··· Input data ···

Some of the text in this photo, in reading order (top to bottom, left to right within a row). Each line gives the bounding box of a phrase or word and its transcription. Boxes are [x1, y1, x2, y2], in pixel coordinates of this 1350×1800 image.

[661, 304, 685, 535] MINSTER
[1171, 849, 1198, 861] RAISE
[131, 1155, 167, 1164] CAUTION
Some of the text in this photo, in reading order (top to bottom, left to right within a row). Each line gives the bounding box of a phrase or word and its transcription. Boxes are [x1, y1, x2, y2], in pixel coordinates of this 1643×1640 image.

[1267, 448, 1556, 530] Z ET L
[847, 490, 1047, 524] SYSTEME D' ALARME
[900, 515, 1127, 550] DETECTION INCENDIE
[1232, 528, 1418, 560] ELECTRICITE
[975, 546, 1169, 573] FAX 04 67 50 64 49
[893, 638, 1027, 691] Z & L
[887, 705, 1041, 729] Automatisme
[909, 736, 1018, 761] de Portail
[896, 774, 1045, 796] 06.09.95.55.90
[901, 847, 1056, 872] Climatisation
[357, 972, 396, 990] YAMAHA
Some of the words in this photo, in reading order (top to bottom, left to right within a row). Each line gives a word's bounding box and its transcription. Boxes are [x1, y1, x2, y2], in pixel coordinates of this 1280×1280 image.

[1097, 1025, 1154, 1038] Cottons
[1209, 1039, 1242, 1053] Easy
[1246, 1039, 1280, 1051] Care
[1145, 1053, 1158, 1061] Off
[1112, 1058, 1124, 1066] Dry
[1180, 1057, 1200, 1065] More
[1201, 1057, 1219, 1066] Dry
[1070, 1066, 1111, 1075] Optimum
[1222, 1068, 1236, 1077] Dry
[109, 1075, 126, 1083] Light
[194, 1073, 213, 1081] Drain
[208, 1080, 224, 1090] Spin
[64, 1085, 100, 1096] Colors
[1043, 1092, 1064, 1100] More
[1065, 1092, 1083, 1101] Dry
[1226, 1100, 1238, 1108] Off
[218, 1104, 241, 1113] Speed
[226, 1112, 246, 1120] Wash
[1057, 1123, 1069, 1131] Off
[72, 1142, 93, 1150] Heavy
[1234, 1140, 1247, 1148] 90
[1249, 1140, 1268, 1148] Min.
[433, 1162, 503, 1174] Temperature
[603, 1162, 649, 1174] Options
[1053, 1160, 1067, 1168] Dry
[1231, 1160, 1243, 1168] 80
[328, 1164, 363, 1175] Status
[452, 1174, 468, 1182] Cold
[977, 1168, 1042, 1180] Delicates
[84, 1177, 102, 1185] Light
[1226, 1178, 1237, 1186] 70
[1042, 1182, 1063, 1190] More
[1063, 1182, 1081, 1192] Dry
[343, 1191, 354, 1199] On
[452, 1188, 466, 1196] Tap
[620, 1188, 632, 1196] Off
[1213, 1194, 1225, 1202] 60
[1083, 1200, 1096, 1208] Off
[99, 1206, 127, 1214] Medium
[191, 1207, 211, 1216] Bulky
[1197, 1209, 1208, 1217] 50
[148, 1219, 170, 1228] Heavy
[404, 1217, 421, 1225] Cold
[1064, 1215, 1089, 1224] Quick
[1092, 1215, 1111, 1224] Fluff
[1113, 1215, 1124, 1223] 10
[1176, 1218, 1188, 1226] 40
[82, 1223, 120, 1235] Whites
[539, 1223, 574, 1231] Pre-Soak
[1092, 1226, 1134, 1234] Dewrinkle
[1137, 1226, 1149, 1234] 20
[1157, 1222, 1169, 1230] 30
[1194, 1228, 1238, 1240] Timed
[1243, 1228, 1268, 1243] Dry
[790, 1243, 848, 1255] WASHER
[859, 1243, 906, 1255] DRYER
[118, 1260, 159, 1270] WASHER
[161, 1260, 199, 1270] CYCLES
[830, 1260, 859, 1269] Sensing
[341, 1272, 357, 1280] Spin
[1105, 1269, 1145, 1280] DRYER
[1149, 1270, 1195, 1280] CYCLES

···

● **Instructions to follow**
Each entry above must be repeated exactly, with nothing dropped.

● **Output of the task**
Some of the text in this photo, in reading order (top to bottom, left to right within a row). Each line gives the bounding box of a phrase or word and its transcription. Boxes are [x1, y1, x2, y2], in pixel coordinates of this 1350×1800 image.

[661, 304, 685, 535] MINSTER
[1171, 849, 1198, 861] RAISE
[131, 1155, 167, 1164] CAUTION
Some of the text in this photo, in reading order (top to bottom, left to right within a row). Each line gives the bounding box of a phrase or word and its transcription. Boxes are [x1, y1, x2, y2], in pixel coordinates of this 1643×1640 image.

[1267, 448, 1556, 530] Z ET L
[847, 490, 1047, 524] SYSTEME D' ALARME
[900, 515, 1127, 550] DETECTION INCENDIE
[1232, 528, 1418, 560] ELECTRICITE
[975, 546, 1169, 573] FAX 04 67 50 64 49
[893, 638, 1027, 691] Z & L
[887, 705, 1041, 729] Automatisme
[909, 736, 1018, 761] de Portail
[896, 774, 1045, 796] 06.09.95.55.90
[901, 847, 1056, 872] Climatisation
[357, 972, 396, 990] YAMAHA
Some of the words in this photo, in reading order (top to bottom, left to right within a row). Each line gives a word's bounding box and its transcription. Boxes are [x1, y1, x2, y2], in pixel coordinates of this 1280×1280 image.

[1097, 1025, 1154, 1038] Cottons
[1209, 1039, 1242, 1053] Easy
[1246, 1039, 1280, 1051] Care
[1145, 1053, 1158, 1061] Off
[1112, 1058, 1124, 1066] Dry
[1180, 1057, 1200, 1065] More
[1201, 1057, 1219, 1066] Dry
[1070, 1066, 1111, 1075] Optimum
[1222, 1068, 1236, 1077] Dry
[109, 1075, 126, 1083] Light
[194, 1073, 213, 1081] Drain
[208, 1080, 224, 1090] Spin
[64, 1085, 100, 1096] Colors
[1043, 1092, 1064, 1100] More
[1065, 1092, 1083, 1101] Dry
[1226, 1100, 1238, 1108] Off
[218, 1104, 241, 1113] Speed
[226, 1112, 246, 1120] Wash
[1057, 1123, 1069, 1131] Off
[72, 1142, 93, 1150] Heavy
[1234, 1140, 1247, 1148] 90
[1249, 1140, 1268, 1148] Min.
[433, 1162, 503, 1174] Temperature
[603, 1162, 649, 1174] Options
[1053, 1160, 1067, 1168] Dry
[1231, 1160, 1243, 1168] 80
[328, 1164, 363, 1175] Status
[452, 1174, 468, 1182] Cold
[977, 1168, 1042, 1180] Delicates
[84, 1177, 102, 1185] Light
[1226, 1178, 1237, 1186] 70
[1042, 1182, 1063, 1190] More
[1063, 1182, 1081, 1192] Dry
[343, 1191, 354, 1199] On
[452, 1188, 466, 1196] Tap
[620, 1188, 632, 1196] Off
[1213, 1194, 1225, 1202] 60
[1083, 1200, 1096, 1208] Off
[99, 1206, 127, 1214] Medium
[191, 1207, 211, 1216] Bulky
[1197, 1209, 1208, 1217] 50
[148, 1219, 170, 1228] Heavy
[404, 1217, 421, 1225] Cold
[1064, 1215, 1089, 1224] Quick
[1092, 1215, 1111, 1224] Fluff
[1113, 1215, 1124, 1223] 10
[1176, 1218, 1188, 1226] 40
[82, 1223, 120, 1235] Whites
[539, 1223, 574, 1231] Pre-Soak
[1092, 1226, 1134, 1234] Dewrinkle
[1137, 1226, 1149, 1234] 20
[1157, 1222, 1169, 1230] 30
[1194, 1228, 1238, 1240] Timed
[1243, 1228, 1268, 1243] Dry
[790, 1243, 848, 1255] WASHER
[859, 1243, 906, 1255] DRYER
[118, 1260, 159, 1270] WASHER
[161, 1260, 199, 1270] CYCLES
[830, 1260, 859, 1269] Sensing
[341, 1272, 357, 1280] Spin
[1105, 1269, 1145, 1280] DRYER
[1149, 1270, 1195, 1280] CYCLES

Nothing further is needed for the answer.